Transcribe all records below exactly, without images.

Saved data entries
*** Block opens ***

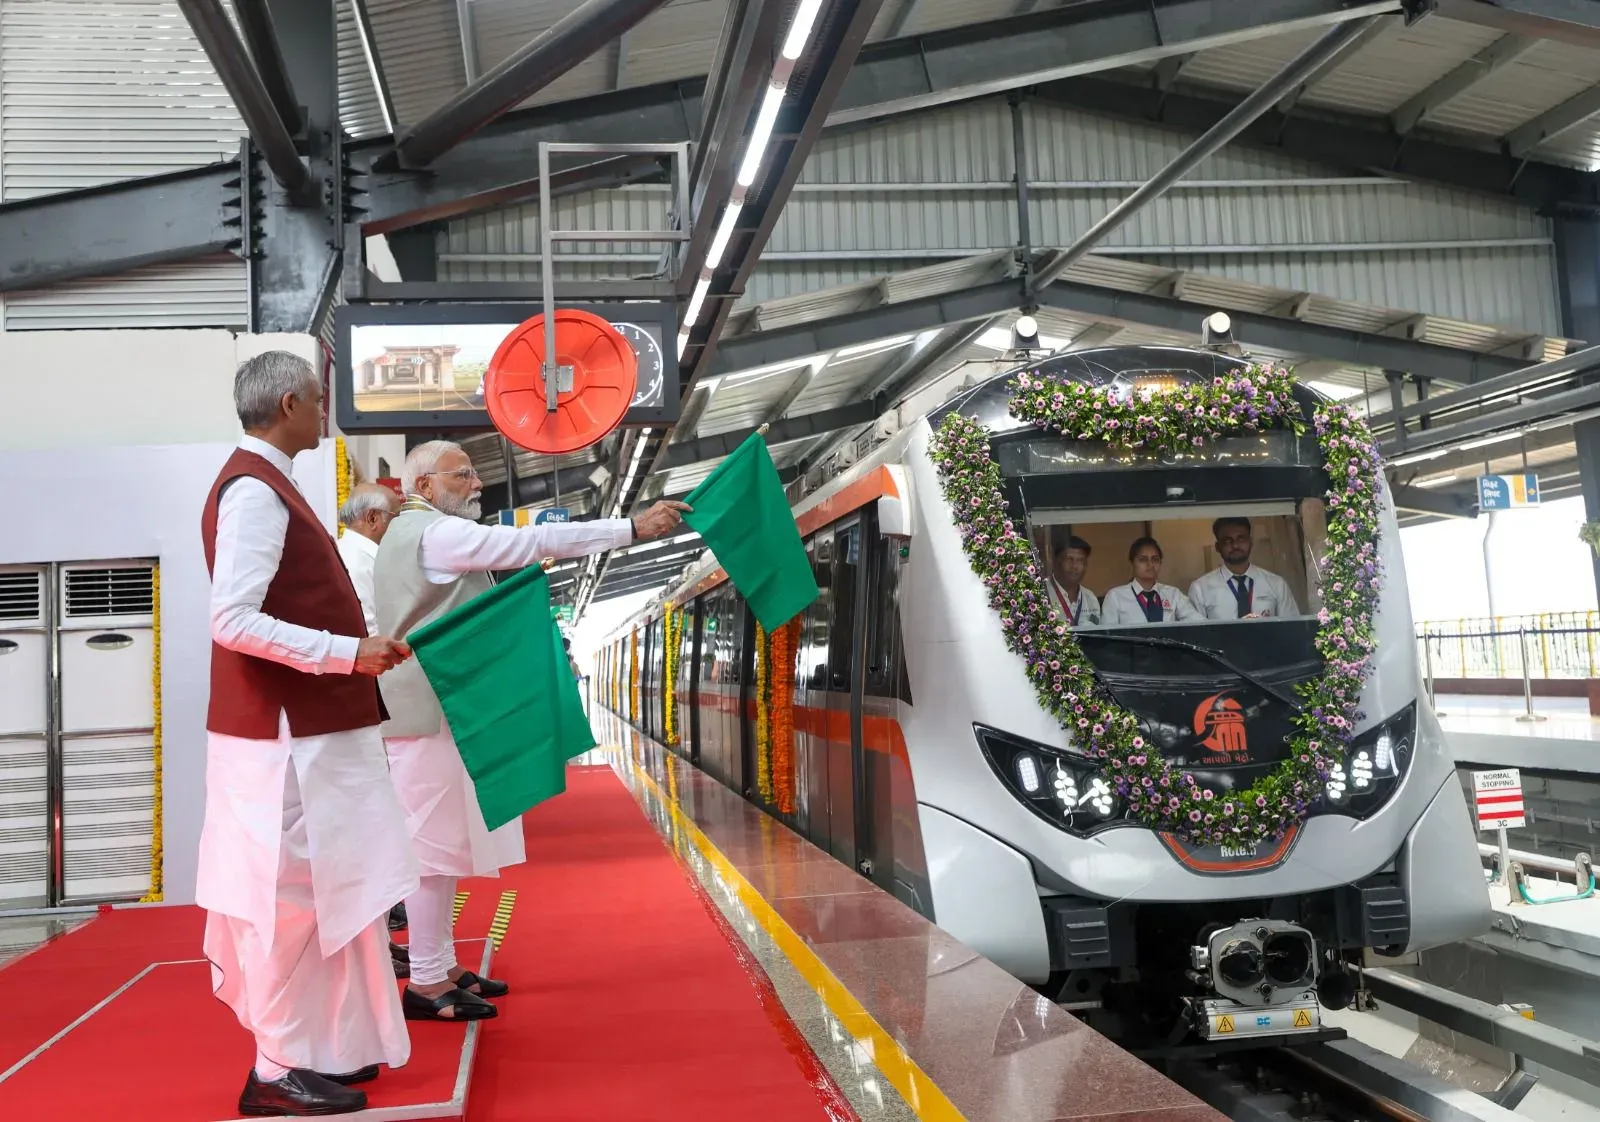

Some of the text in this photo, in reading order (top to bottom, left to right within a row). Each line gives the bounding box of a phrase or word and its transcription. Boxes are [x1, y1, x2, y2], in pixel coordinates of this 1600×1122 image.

[634, 330, 640, 340] 1
[647, 343, 655, 353] 2
[653, 360, 660, 371] 3
[648, 378, 655, 388] 4
[636, 391, 643, 401] 5
[1483, 772, 1511, 780] NORMAL
[1481, 779, 1515, 788] STOPPING
[1497, 819, 1508, 827] 3C

*** Block closes ***

◆ **RESULT OF THIS TASK**
Some of the text in this photo, in reading order (top to bottom, left to right within a row). Each line gives the bounding box of a phrase or word and its transcription. Boxes are [x1, y1, x2, y2], in pixel coordinates of this 1600×1122 image.

[634, 330, 640, 340] 1
[647, 343, 655, 353] 2
[653, 360, 660, 371] 3
[648, 378, 655, 388] 4
[636, 391, 643, 401] 5
[1483, 772, 1511, 780] NORMAL
[1481, 779, 1515, 788] STOPPING
[1497, 819, 1508, 827] 3C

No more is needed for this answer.